Dr. de la Iglesia’s main research interests are in developing data mining algorithms and in their application to areas such as medical data and financial data. Past projects have included Privacy Preserving Data Mining, clustering and classification using optimisation techniques, creation, simplification and presentation of rule sets, text mining and preparation and analysis of health data. Current projects include extraction of data from multiple Hospital Information Systems to create clinical pathways and the analysis of complex data using clustering algorithms. She would welcome applications from students who have secured their own funding and who wish to work in any areas of data mining algorithm development in line with her previous research or on applications of data mining that are not standard and present some research challenges. Dr. de la Iglesia is willing to discuss specific PhD project proposals that fall within that remit and may have some readily available projects in the analysis of previously collected health data.

Funding Notes

This PhD project is offered on a self-funding basis. It is open to applicants with funding or those applying to funding sources. Details of tuition fees can be found at http://www.uea.ac.uk/pgresearch/pgrfees.

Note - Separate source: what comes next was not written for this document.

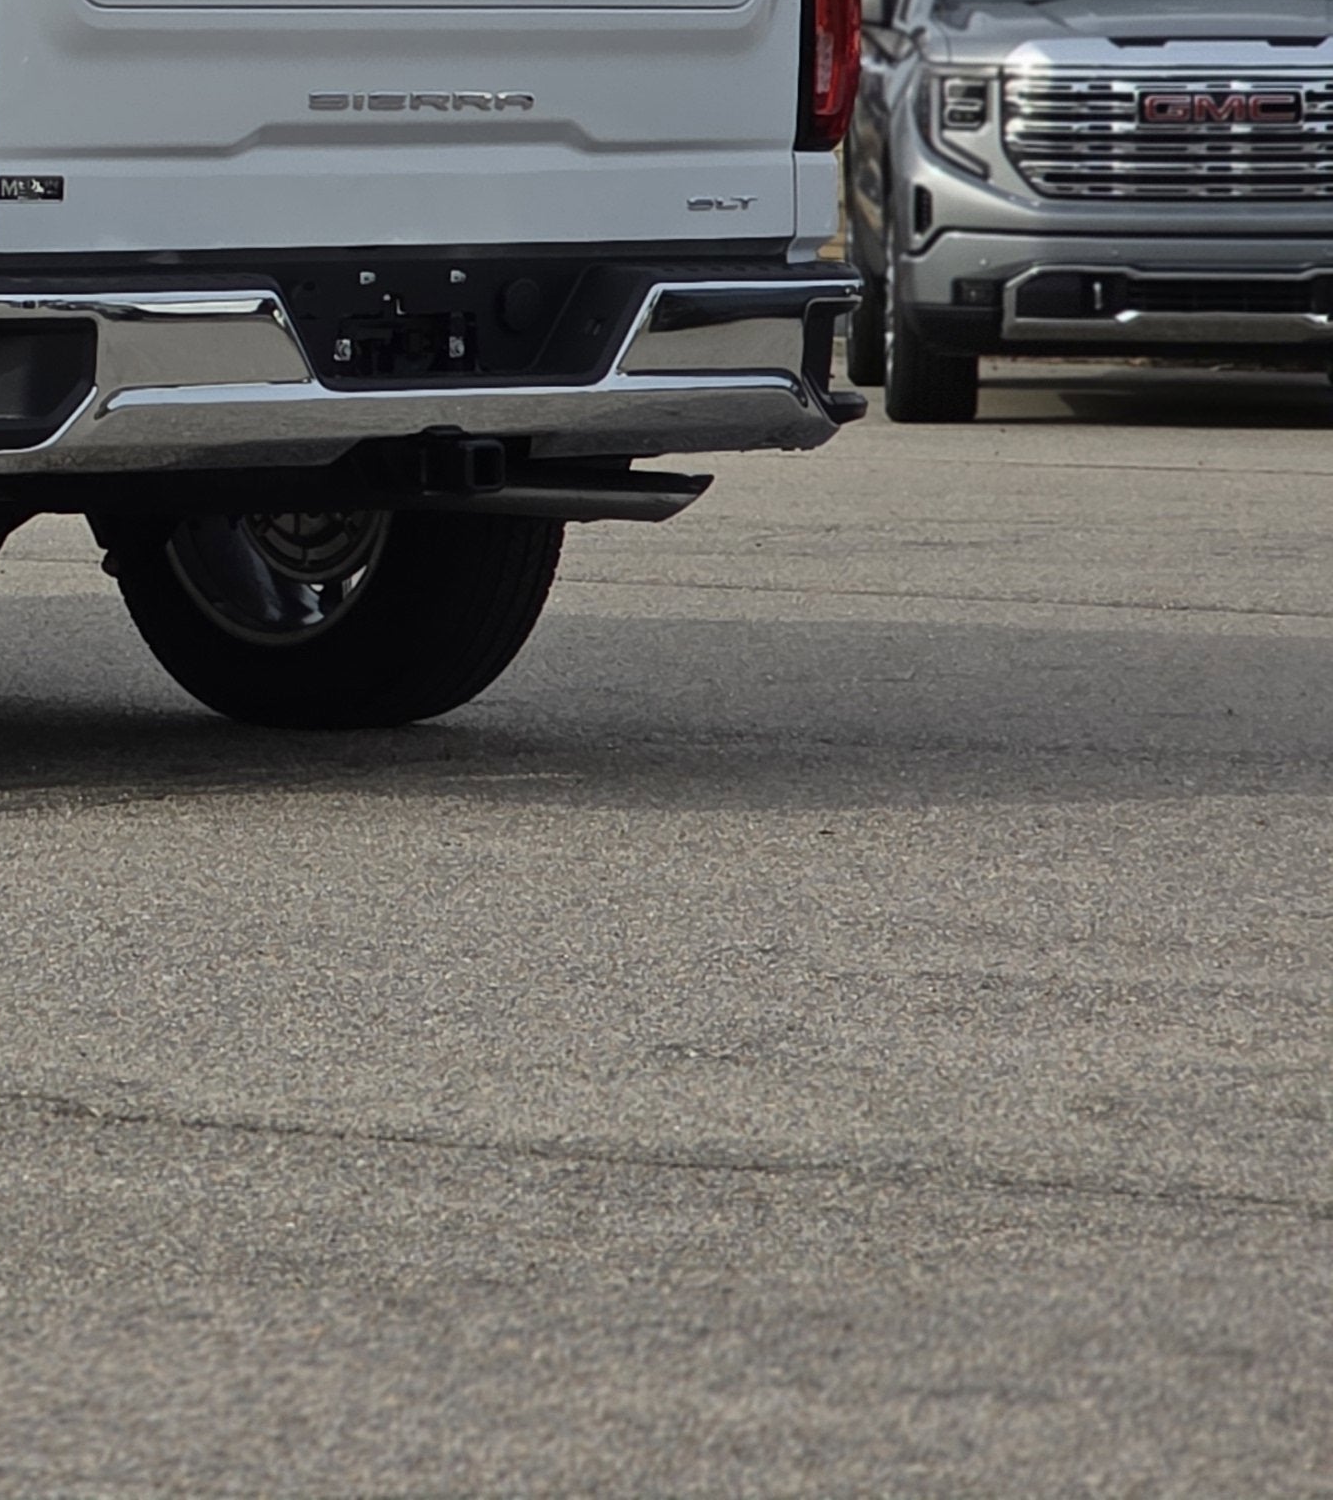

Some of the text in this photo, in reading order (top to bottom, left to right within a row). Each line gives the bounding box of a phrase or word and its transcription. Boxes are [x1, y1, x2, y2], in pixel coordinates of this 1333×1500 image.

[308, 91, 535, 111] SIERRA
[1144, 94, 1295, 122] GMC
[687, 196, 758, 211] SLT
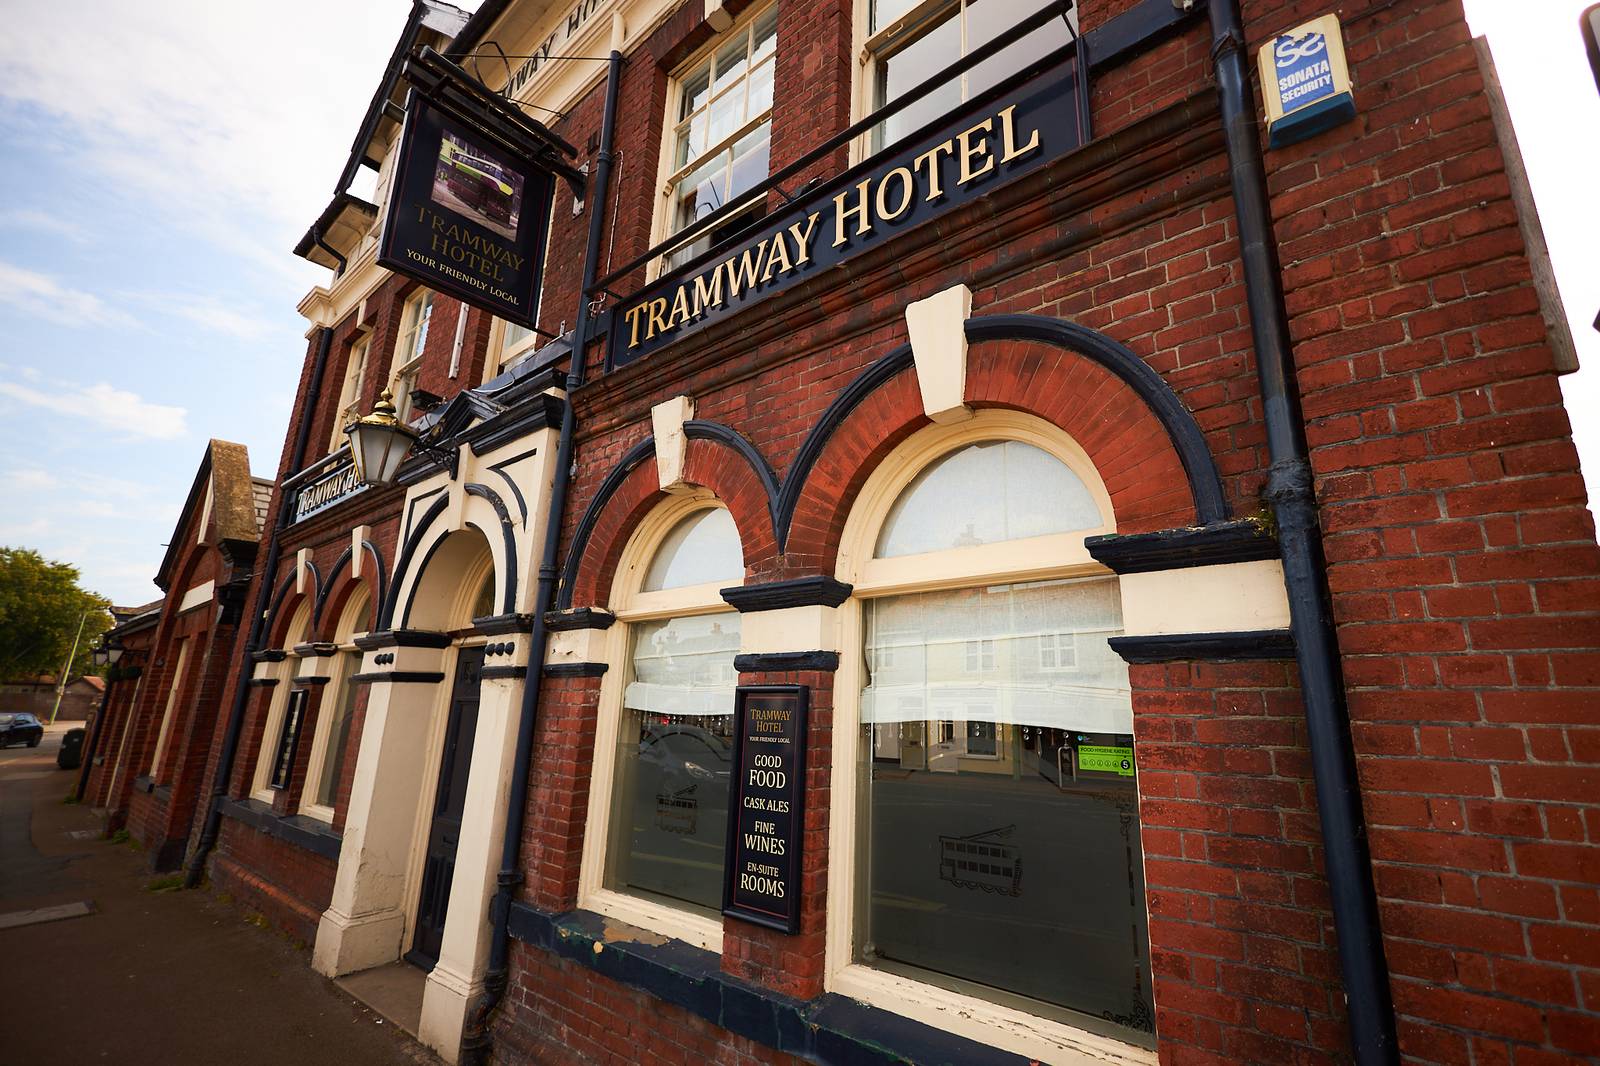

A bench fee is also payable on top of the tuition fee to cover specialist equipment or laboratory costs required for the research. The amount charged annually will vary considerably depending on the nature of the project and applicants should contact the primary supervisor for further information about the fee associated with the project.

References

Hills, J, Bagnall, A, De La Iglesia, B and Richards, G (2013) BruteSuppression: a size reduction method for Apriori rule sets. Journal of Intelligent Information Systems. ISSN 0925-9902
De La Iglesia, B, Ong, ACL, Potter, JF, Metcalf, AK and Myint, PK (2012) Predictors of orthostatic hypotension in patients attending a transient ischaemic attack clinic: Database study. Blood pressure, Epub ahead of print. pp. 1-8. ISSN 1651-1999
Reynolds, A and de la Iglesia, B (2009) A multi-objective GRASP for partial classification. Soft Computing - A Fusion of Foundations, Methodologies and Applications, 13 (3). pp. 227-243.

Alotaibi, Khaled and De La Iglesia, Beatriz (2013) Privacy-Preserving SVM Classification using Non-metric MDS. In: SECURWARE 2013, the Seventh International Conference on Emerging Security Information, Systems and Technologies. IARIA, pp. 30-35.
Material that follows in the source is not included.